[Improvement](unlock)optimize the place of unlock which deadlock occurs when database tables are frequently created or deleted by LuGuangming · Pull Request #62391 · apache/doris

LuGuangming · 2026-04-11T07:40:55Z

…rs when database tables are frequently created or deleted

What problem does this PR solve?

Issue Number: close #62390

Related PR: #xxx

Problem Summary:

Release note

None

Check List (For Author)

Test
- Regression test
- Unit Test
- Manual test (add detailed scripts or steps below)
- No need to test or manual test. Explain why:
  - This is a refactor/code format and no logic has been changed.
  - Previous test can cover this change.
  - No code files have been changed.
  - Other reason
Behavior changed:
- No.
- Yes.
Does this need documentation?
- No.
- Yes.

Check List (For Reviewer who merge this PR)

Confirm the release note
Confirm test cases
Confirm document
Add branch pick label

…rs when database tables are frequently created or deleted

Thearas · 2026-04-11T07:41:05Z

Thank you for your contribution to Apache Doris.
Don't know what should be done next? See How to process your PR.

Please clearly describe your PR:

What problem was fixed (it's best to include specific error reporting information).

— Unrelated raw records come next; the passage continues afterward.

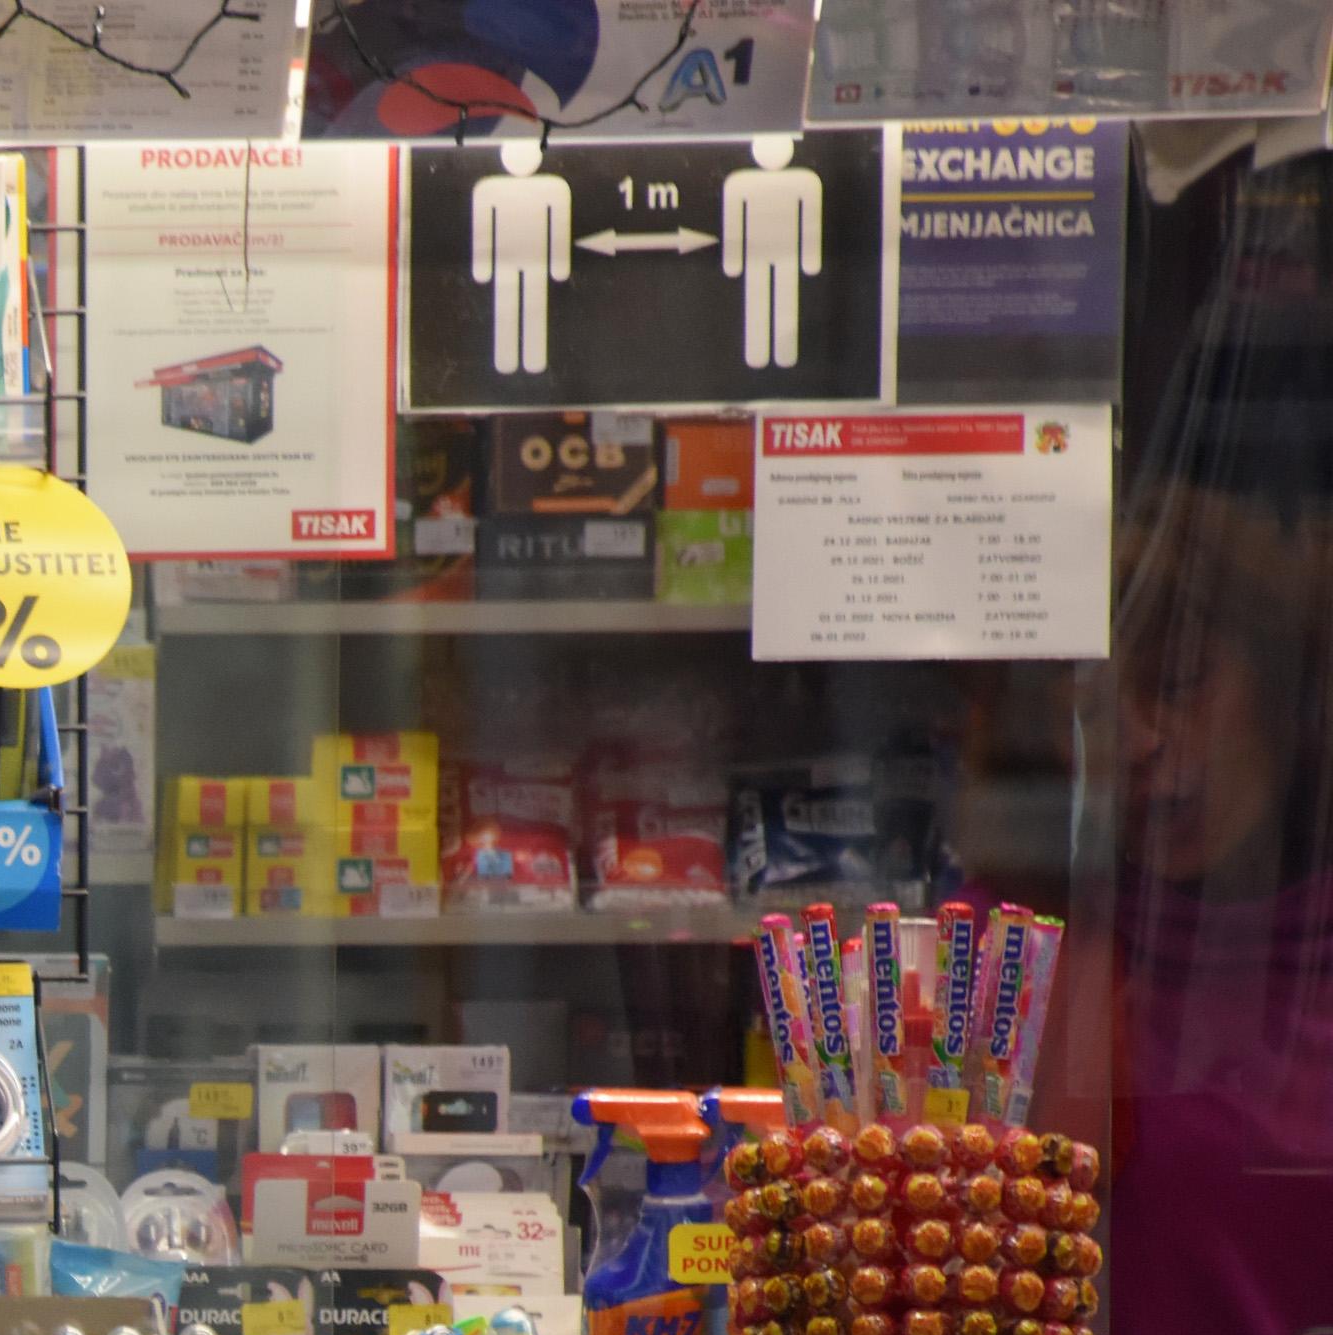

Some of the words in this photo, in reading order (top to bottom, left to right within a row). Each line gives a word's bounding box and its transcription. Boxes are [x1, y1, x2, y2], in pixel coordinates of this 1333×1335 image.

[900, 146, 1095, 181] EXCHANGE
[618, 175, 634, 210] 1
[646, 182, 680, 210] m
[900, 204, 1095, 239] MJENJAČNICA
[770, 423, 844, 450] TISAK
[298, 514, 369, 537] TISAK
[758, 933, 794, 1066] mentos
[809, 920, 847, 1057] mentos
[871, 920, 902, 1057] mentos
[945, 920, 974, 1057] mentos
[989, 924, 1027, 1059] mentos
[354, 1240, 389, 1255] CARD
[692, 1235, 736, 1252] SUP
[320, 1271, 342, 1284] AA
[682, 1257, 729, 1273] PON
[179, 1308, 242, 1325] DURAC
[319, 1308, 391, 1325] DURACE

How it was fixed.
Which behaviors were modified. What was the previous behavior, what is it now, why was it modified, and what possible impacts might there be.
What features were added. Why was this function added?
Which code was refactored and why was this part of the code refactored?
Which functions were optimized and what is the difference before and after the optimization?

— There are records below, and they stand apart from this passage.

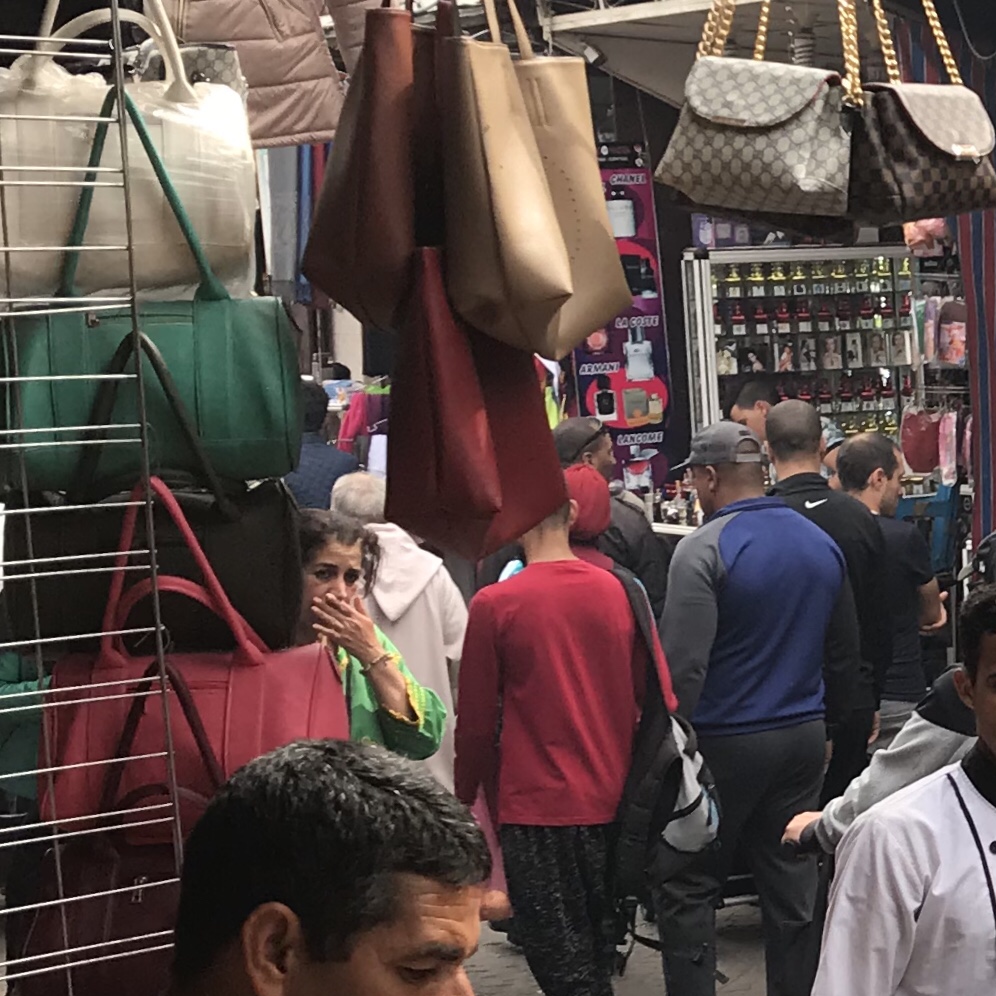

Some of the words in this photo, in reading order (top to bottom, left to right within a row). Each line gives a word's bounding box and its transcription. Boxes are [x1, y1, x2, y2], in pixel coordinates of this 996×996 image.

[610, 174, 646, 185] CHANEL
[615, 317, 629, 328] LA
[629, 315, 660, 327] COSTE
[579, 362, 621, 375] ARMANI
[617, 431, 664, 446] LANCOME
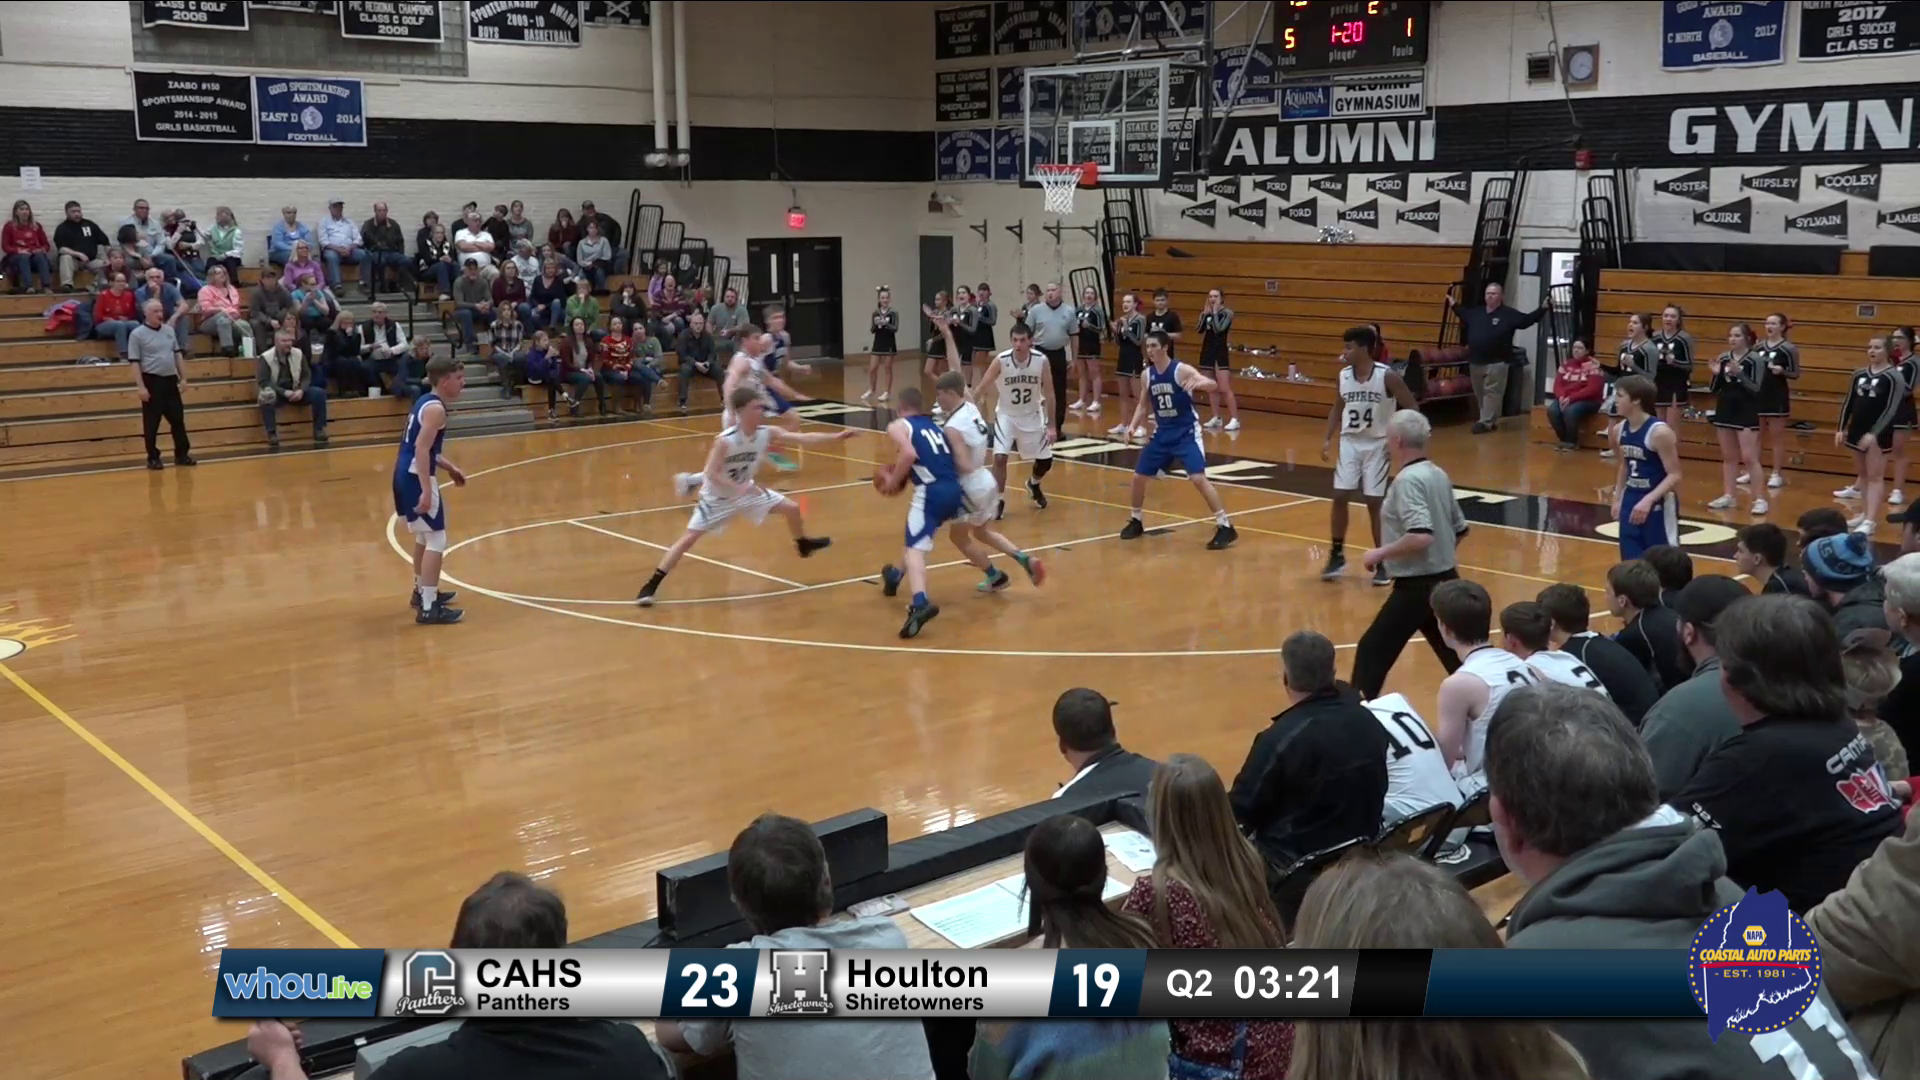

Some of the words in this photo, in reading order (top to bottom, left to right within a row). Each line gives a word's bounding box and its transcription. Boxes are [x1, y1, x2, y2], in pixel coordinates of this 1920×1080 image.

[201, 2, 226, 13] GOLF
[1330, 3, 1359, 18] period
[1702, 5, 1743, 18] AWARD
[360, 14, 391, 23] CLASS
[402, 17, 425, 26] GOLF
[471, 1, 539, 24] SPORTSMANSHIP
[550, 3, 579, 29] AWARD
[1838, 6, 1887, 22] 2017
[378, 25, 409, 35] 2009
[478, 25, 500, 39] BOYS
[523, 29, 574, 43] BASKETBALL
[1754, 24, 1777, 37] 2017
[1826, 25, 1853, 39] GIRLS
[1859, 21, 1897, 35] SOCCER
[1284, 28, 1295, 49] 5
[1392, 45, 1414, 57] fouls
[1826, 39, 1879, 53] CLASS
[1883, 37, 1895, 49] C
[1278, 54, 1297, 66] fouls
[1329, 49, 1357, 63] player
[1692, 52, 1749, 62] BASEBALL
[289, 82, 350, 98] SPORTSMANSHIP
[142, 95, 214, 107] SPORTSMANSHIP
[216, 98, 247, 111] AWARD
[292, 93, 329, 104] AWARD
[1335, 93, 1420, 113] GYMNASIUM
[174, 111, 193, 119] 2014
[199, 112, 218, 120] 2015
[261, 112, 289, 122] EAST
[291, 113, 299, 123] D
[336, 114, 361, 124] 2014
[155, 123, 182, 132] GIRLS
[183, 124, 238, 134] BASKETBALL
[1126, 121, 1150, 132] STATE
[1669, 98, 1920, 155] GYMN
[287, 133, 338, 141] FOOTBALL
[1224, 120, 1436, 166] ALUMNI
[1266, 182, 1288, 191] FORD
[1320, 181, 1342, 190] SHAW
[1376, 180, 1402, 190] FORD
[1434, 180, 1467, 191] DRAKE
[1669, 181, 1709, 192] FOSTER
[1752, 178, 1799, 189] HIPSLEY
[1824, 174, 1879, 188] COOLEY
[1238, 207, 1264, 217] HARRIS
[1289, 208, 1312, 218] FORD
[1345, 210, 1376, 220] DRAKE
[1404, 211, 1440, 221] PEABODY
[1703, 212, 1742, 224] QUIRK
[1795, 215, 1842, 228] SYLVAIN
[1004, 374, 1039, 386] SHIRES
[1011, 388, 1032, 405] 32
[1157, 394, 1173, 409] 20
[1343, 390, 1382, 404] SHIRES
[1348, 408, 1373, 428] 24
[920, 428, 951, 455] 14
[1629, 459, 1639, 477] 2
[1390, 711, 1436, 761] 10

morrySnow · 2026-04-13T03:18:21Z

run buildall

github-actions · 2026-04-13T03:19:03Z

PR approved by at least one committer and no changes requested.

github-actions · 2026-04-13T03:19:05Z

PR approved by anyone and no changes requested.

yiguolei · 2026-04-16T22:49:09Z

/review

github-actions

Found 1 blocking issue.

InsertIntoTableCommand.initPlan() now calls insertExecutor.onFail(e) before releasing newestTargetTableIf.readLock(). For the OLAP insert path, OlapInsertExecutor.onFail() aborts the transaction through GlobalTransactionMgr.abortTransaction(), which acquires the target table write lock via MetaLockUtils.tryWriteLockTablesOrMetaException(...). Because the current thread still holds the read lock, the abort path can only time out after 5s instead of cleaning the transaction up immediately. This regresses the failure-path locking behavior that the existing comment is explicitly protecting.

Critical checkpoints

Goal of the task: simplify unlock handling around initPlan(). The current code does not preserve the failure-path behavior, and there is no test proving the intended deadlock fix.
Scope/minimality: the diff is small and focused, but the new finally changes lock ordering on the error path.
Concurrency: not safe. The insert thread now holds a table read lock while invoking a failure handler that upgrades to table write locking.
Lifecycle: no additional lifecycle issues beyond the lock-ownership regression above.
Configuration: not applicable.
Compatibility: not applicable.
Parallel code paths: the generic initPlan() path serves all insert executors, but the regression is observable on OLAP insert executors whose onFail() aborts a transaction.
Conditional checks: the schema/id recheck logic is still fine.
Test coverage: no regression or unit test was added for beginTransaction()/finalizeSink() failures under concurrent metadata changes.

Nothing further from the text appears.